Towards the beginning of this spring semester at SUNY Geneseo I created my first blog post discussing N.K Jemisin’s The Fifth Season, from her series The Broken Earth Trilogy. In this blog post I discussed which of Jemisin’s uses of geological concepts I found most interesting and or challenging. At the time my understanding of the first novel of the trilogy was that it suggests that injustice and inequity can be exacerbated  and even created by impartial geographical circumstances. This was an overarching understanding of the entire novel. I explained how, time and time again, the story presents the reader with scenarios that demonstrate that, in a sense, justice is a luxury that comes secondary to survival. I then cited examples of this being the case. I noted the fact that the Stillness uses Orogenic child slaves in the Nodes in order to quell shakes that might harm or kill the larger communities. I also noted that the pirates of Meov have to steal and kill to survive due to the fact that their island is not fit for growing crops, or breeding cattle. This was a fairly pessimistic outlook on the novel and the future of the series as a whole. Although I was confident in these doom and gloom ideas, even as recently as the beginning of writing this post, I have had to meaningfully reflect on whether I believe these ideas are entirely true after reading the rest of The Broken Earth Trilogy. I do still believe that I was hitting at a grain of truth when I wrote these ideas, but I do think that they need to be more nuanced. I will begin with how these ideas have in some ways remained true over the course of the semester and then examine how they have evolved.
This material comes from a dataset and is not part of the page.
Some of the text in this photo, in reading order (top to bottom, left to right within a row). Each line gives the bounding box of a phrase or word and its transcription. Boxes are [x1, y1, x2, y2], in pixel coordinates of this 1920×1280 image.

The Broken Earth Trilogy does in some ways still ask the reader to examine how geography and geographical events can cause or exacerbate injustice as I originally theorized. This is something that my peers and I noted in our collaborative blog post titled “Haiti’s Cyclical Suffering”. In this post we discussed how Haiti’s geographical location causes it to be hit by a recursive cycle of suffering that makes justice a luxury that is hard to come by. A history of colonialism and geographical hardship fostered gang violence, political corruption, and a near constantly unstable infrastructure. In many ways Haiti is a perfect example of the ideas that I argued The Fifth Season was presenting. The geographical location and the lack of infrastructure in Haiti fosters more injustice that harms the citizens. My peers and I argue that The Broken Earth Trilogy asks readers to examine the parallels between the fictional examples in the text of geographical injustice and the tragedies in the real world. I think that the idea I was pulling at the start of the semester remains true to this understanding that my peers discussed in the blog post. Injustice can be induced by geographical events and the frequency of those events. 
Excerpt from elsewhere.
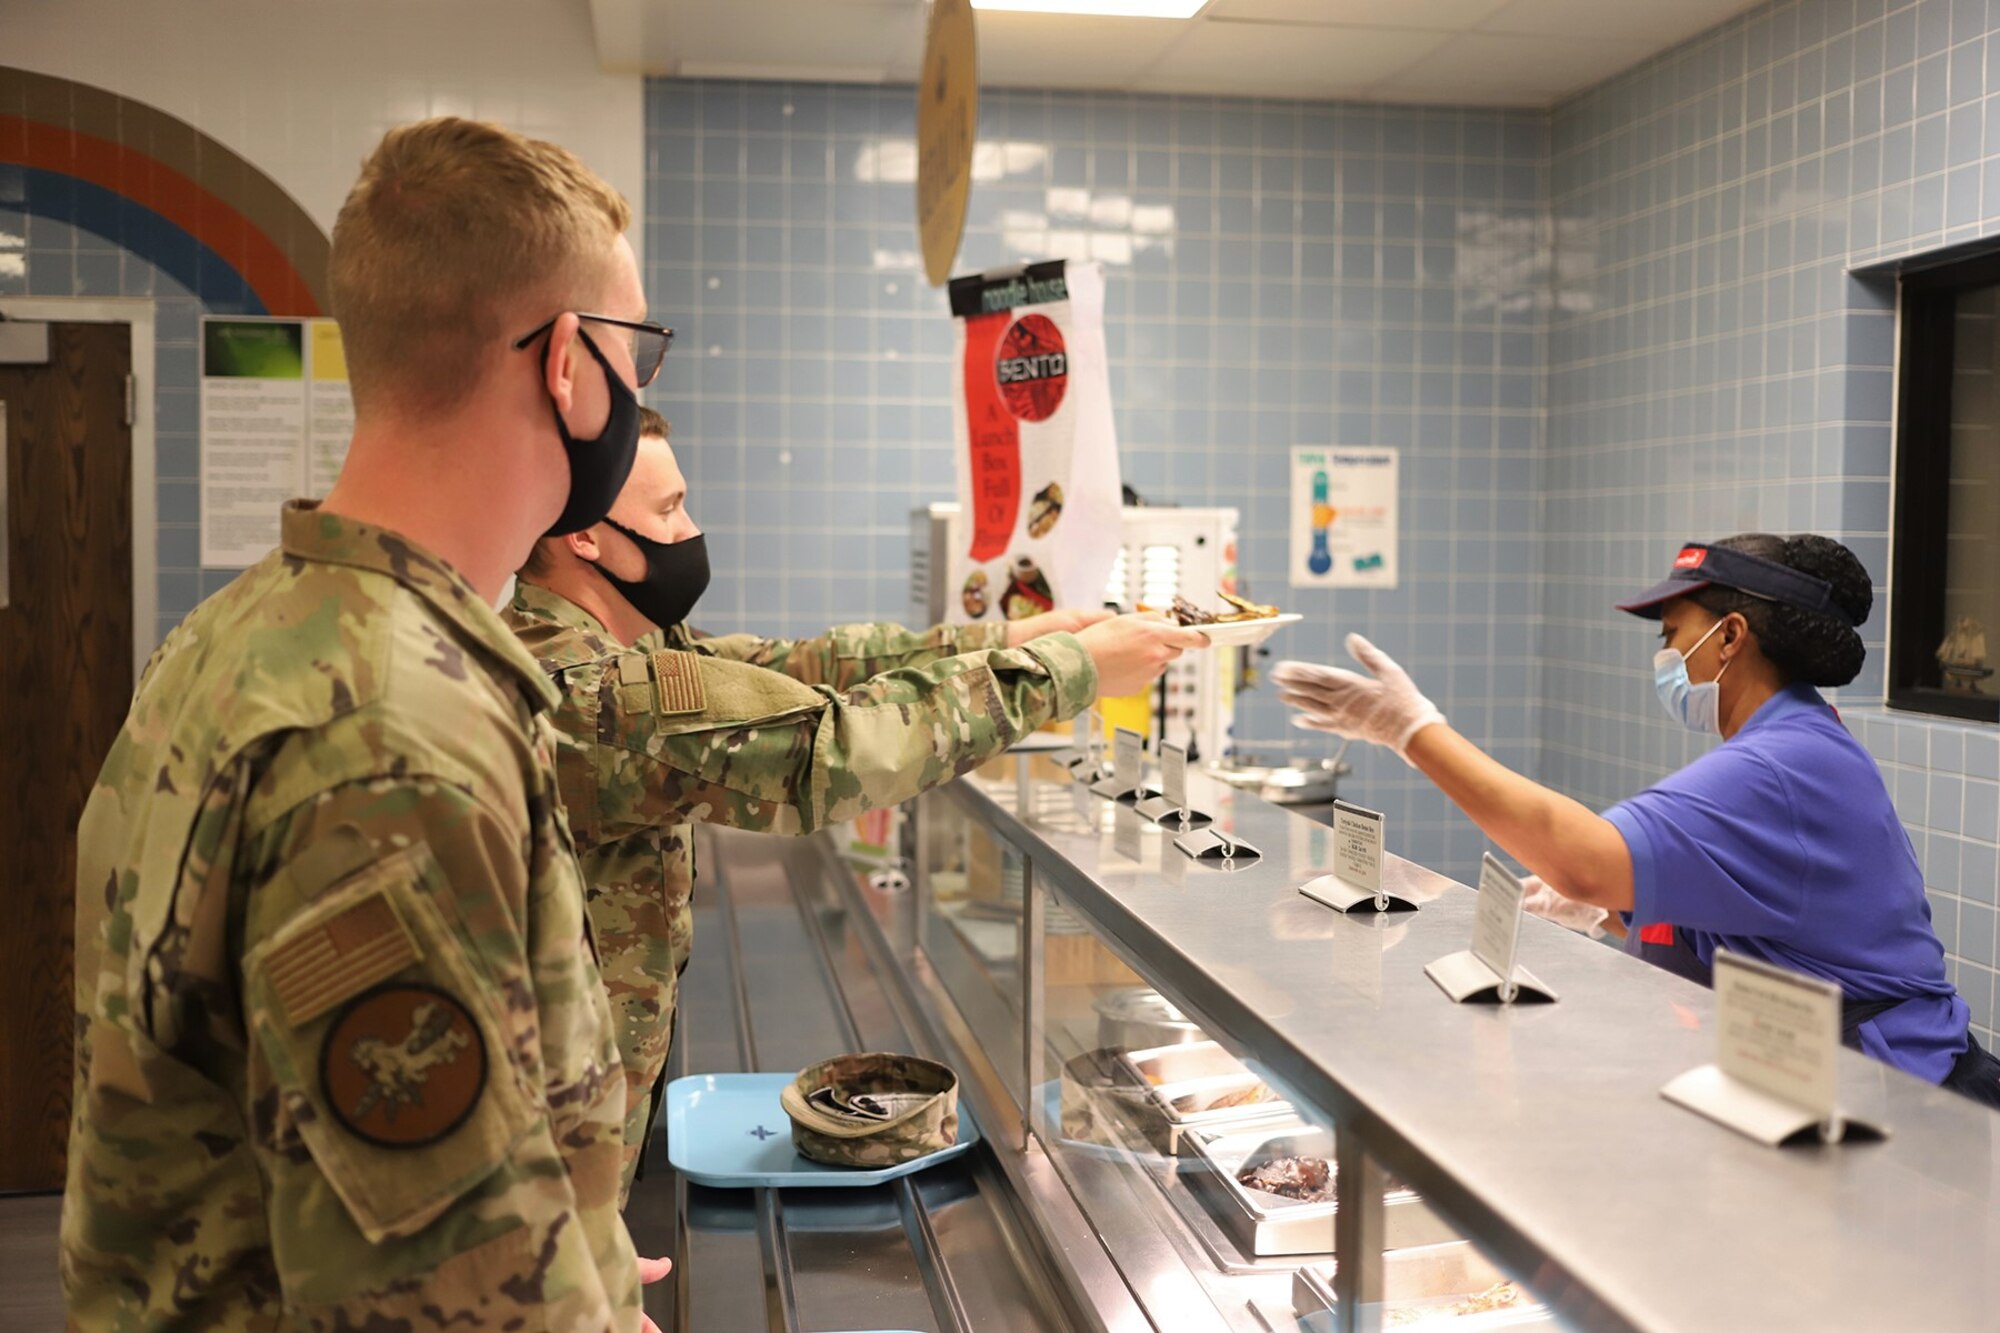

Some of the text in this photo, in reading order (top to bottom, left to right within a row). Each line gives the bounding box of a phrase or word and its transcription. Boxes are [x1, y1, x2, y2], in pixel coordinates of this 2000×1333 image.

[998, 353, 1066, 383] BENTO
[986, 403, 999, 421] A
[982, 452, 1008, 473] Box
That being said, there is more than just tragedy present in these horrible scenarios. Sure, there is constant suffering and injustice much like the real world, but The Broken Earth Trilogy challenges the reader to find beauty in it.  The reader is presented with many examples of beauty that result from the hardship of people. There are the beautifully destructive obelisks that hold immense power, the beautiful crystal geode community of Castrima, there is the love of newfound family, love of birth family, and love of those lost. There are beautiful moments between characters, and even the trilogy as a whole represents a piece of art derived from tragedy. All of these things serve as glimmers of hope and beauty within a tragic time, and in many ways this combatted my own values. I do consider myself a realist but often I’m actually just a pessimist. I often have a hard time not giving the negatives all of my attention, so this understanding that there is beauty even in the hardest of times was very beneficial for my own mental health and personal growth. At first, when presented with this notion by my peers while writing our blog post discussing the earthquakes in Haiti, I dismissed it in my head. I thought “So what if there is some beauty to be found as a result of this tragic quake? We need to focus on how residents were harmed in Haiti and examine how people tried to help.” I closed my mind to the idea before I gave it time for consideration. This reminds me of the advice Professor McCoy gave me to slow down halfway through the semester. I believe that because we were talking about lives of real people being lost I became very absolute in my resolve that we needed to focus on the tragedy rather than the beauty that can come about. My own frantic concerns made it so I could not see that these ideas are not mutually exclusive, I was moving too fast. One can recognize the tragedy and offer aid or understanding while also being able to recognize the beauty in the resilience and artistic expression of human beings. I was encased in this exclusive mindset until my peers showed me the art that came out of Haiti after the earthquakes. After viewing the music, painting, and dance it was impossible for me to deny that beauty came out of tragedy in that case.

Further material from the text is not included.